======== Records for processing ========
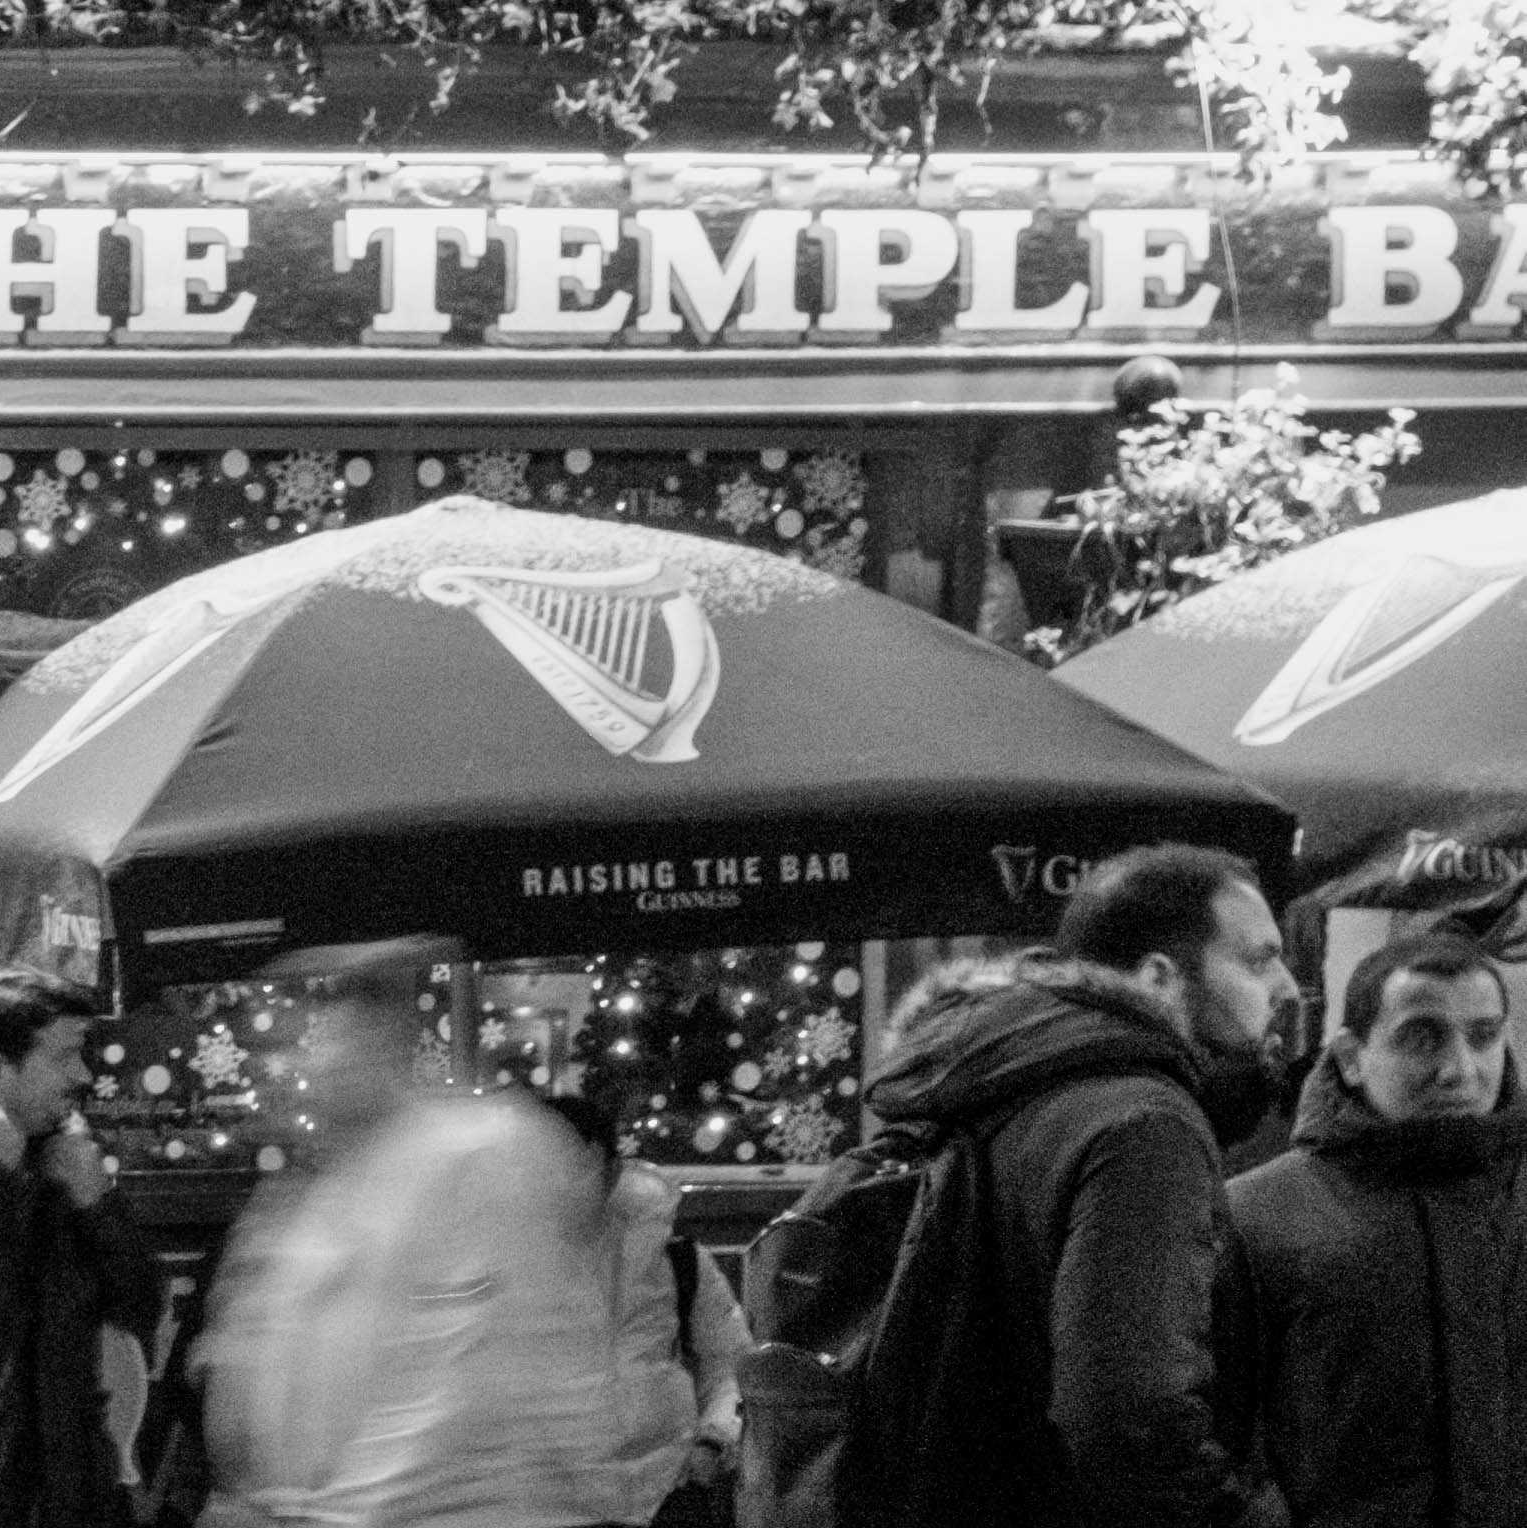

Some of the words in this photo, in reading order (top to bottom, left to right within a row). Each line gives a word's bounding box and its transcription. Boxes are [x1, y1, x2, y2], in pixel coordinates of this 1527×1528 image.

[334, 206, 1222, 343] TEMPLE
[522, 861, 676, 897] RAISING
[692, 857, 763, 887] THE
[780, 852, 851, 883] BAR
[636, 890, 743, 913] GUINNESS
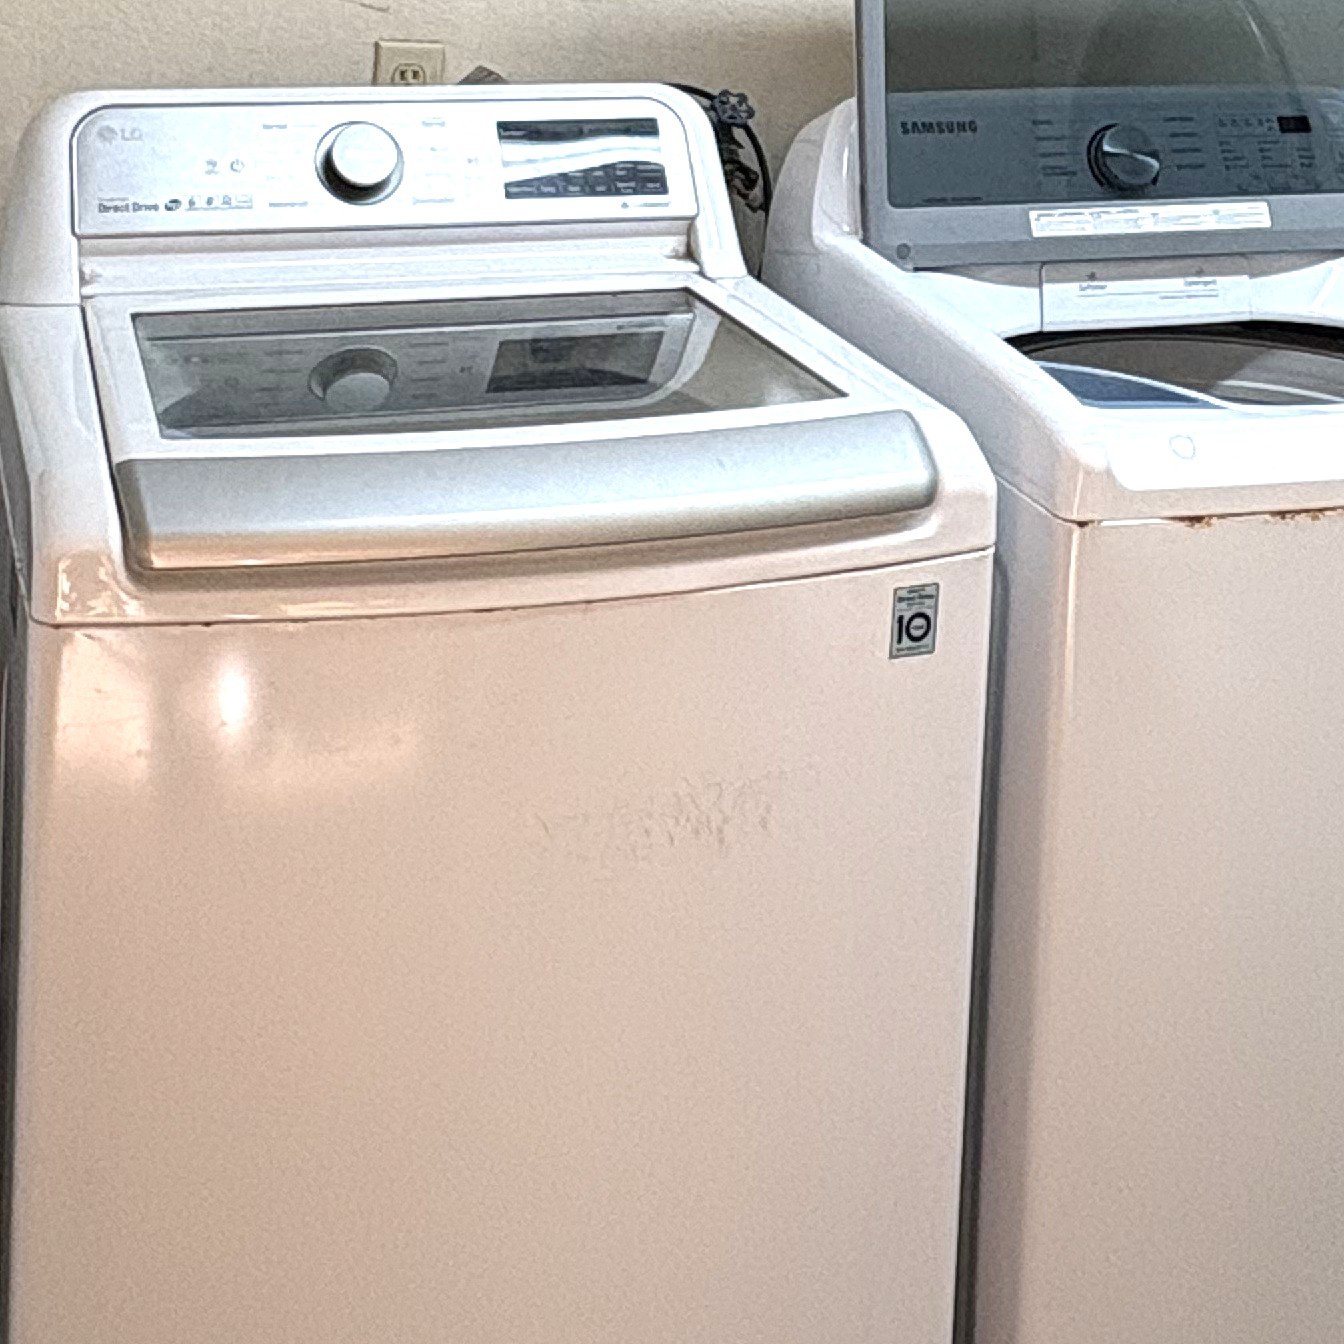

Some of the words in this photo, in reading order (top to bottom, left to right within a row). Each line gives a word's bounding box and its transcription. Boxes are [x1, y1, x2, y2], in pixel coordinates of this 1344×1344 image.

[120, 127, 143, 142] LG
[900, 120, 977, 135] SAMSUNG
[98, 202, 129, 213] Direct
[896, 611, 932, 646] 10
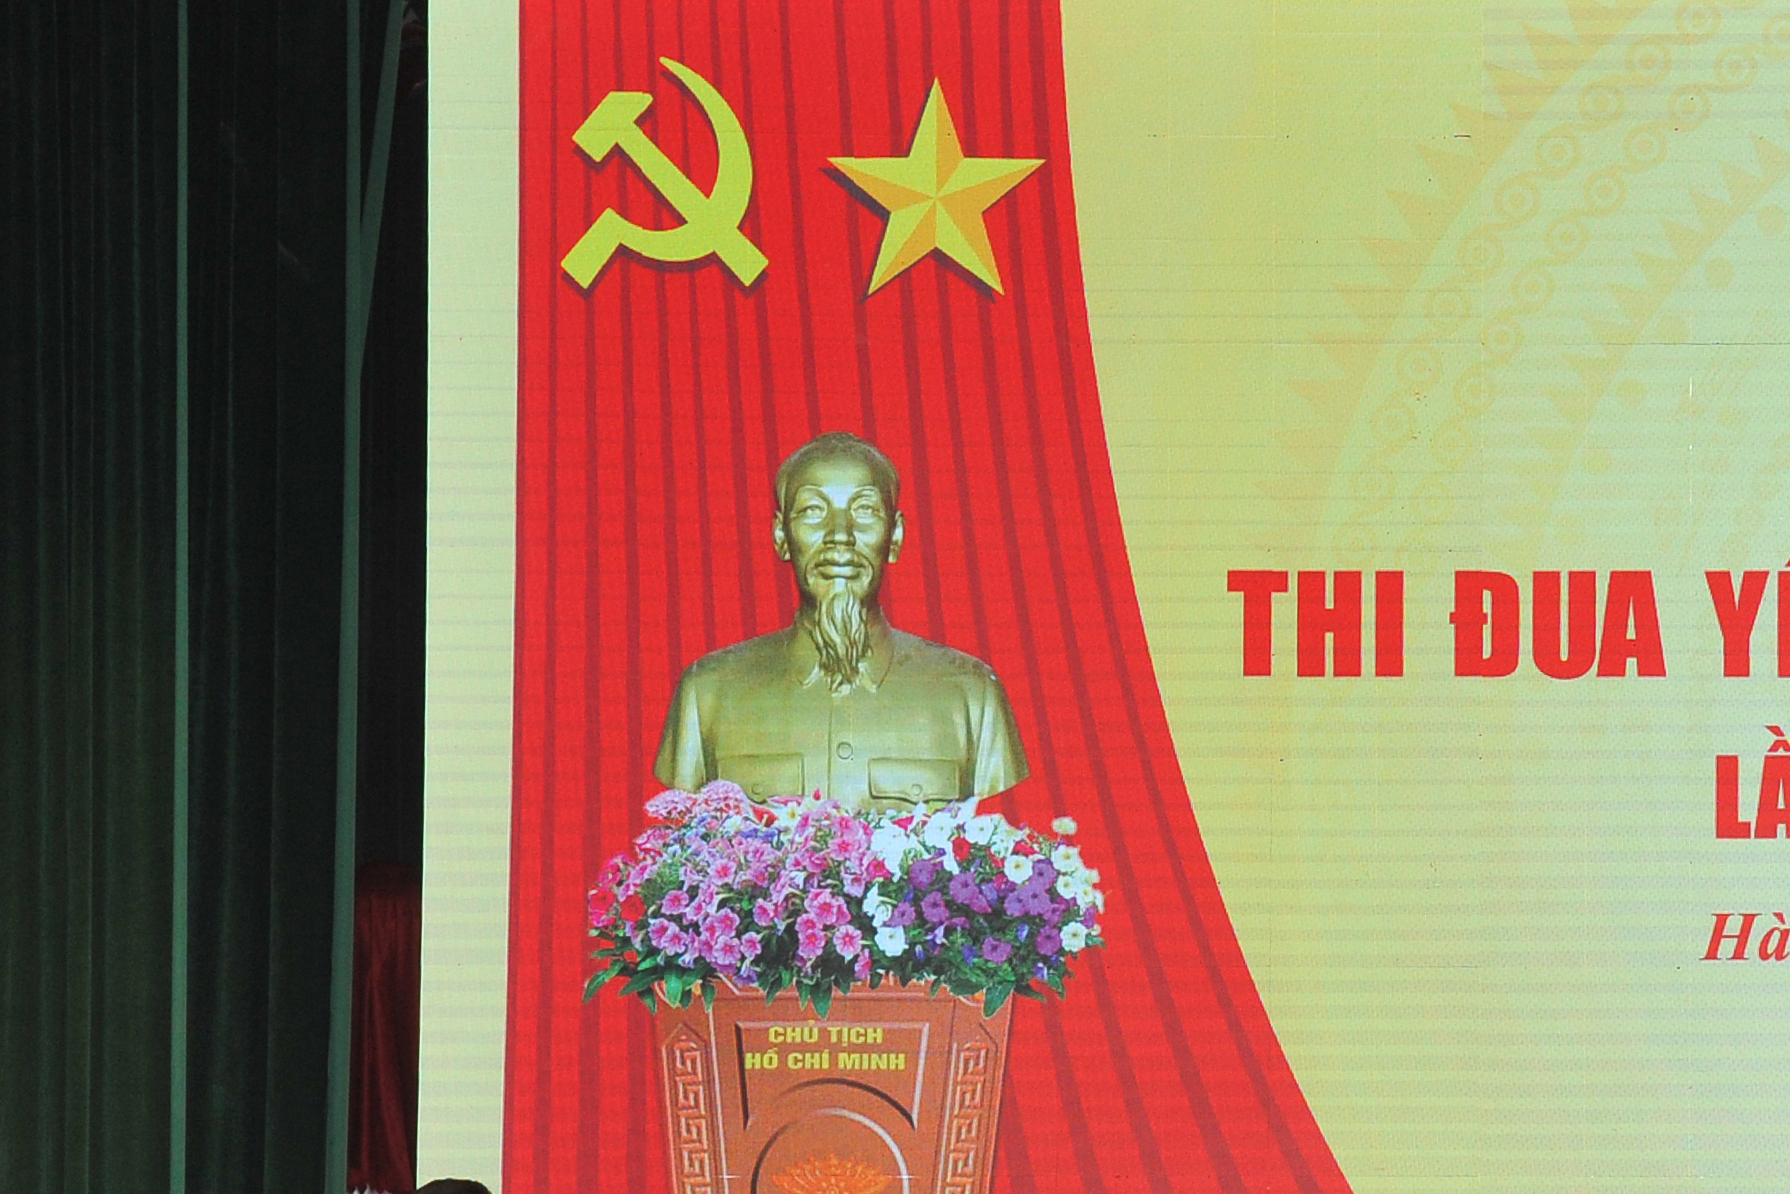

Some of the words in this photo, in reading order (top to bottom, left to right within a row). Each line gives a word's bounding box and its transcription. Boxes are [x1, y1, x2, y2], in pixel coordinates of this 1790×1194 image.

[1227, 569, 1405, 678] THI
[1449, 569, 1667, 680] ĐUA
[768, 1019, 819, 1044] CHỦ
[827, 1025, 884, 1047] TỊCH
[787, 1049, 830, 1070] CHÍ
[837, 1052, 906, 1070] MINH
========
_Try it_: In your answer, print the entries above exactly, with the pictures left out.

_Answer below_:
Some of the words in this photo, in reading order (top to bottom, left to right within a row). Each line gives a word's bounding box and its transcription. Boxes are [x1, y1, x2, y2], in pixel coordinates of this 1527×1528 image.

[334, 206, 1222, 343] TEMPLE
[522, 861, 676, 897] RAISING
[692, 857, 763, 887] THE
[780, 852, 851, 883] BAR
[636, 890, 743, 913] GUINNESS

Some of the words in this photo, in reading order (top to bottom, left to right within a row). Each line gives a word's bounding box and its transcription. Boxes are [x1, y1, x2, y2], in pixel coordinates of this 1344×1344 image.

[120, 127, 143, 142] LG
[900, 120, 977, 135] SAMSUNG
[98, 202, 129, 213] Direct
[896, 611, 932, 646] 10

Some of the words in this photo, in reading order (top to bottom, left to right within a row). Each line gives a word's bounding box and its transcription. Boxes are [x1, y1, x2, y2], in pixel coordinates of this 1790×1194 image.

[1227, 569, 1405, 678] THI
[1449, 569, 1667, 680] ĐUA
[768, 1019, 819, 1044] CHỦ
[827, 1025, 884, 1047] TỊCH
[787, 1049, 830, 1070] CHÍ
[837, 1052, 906, 1070] MINH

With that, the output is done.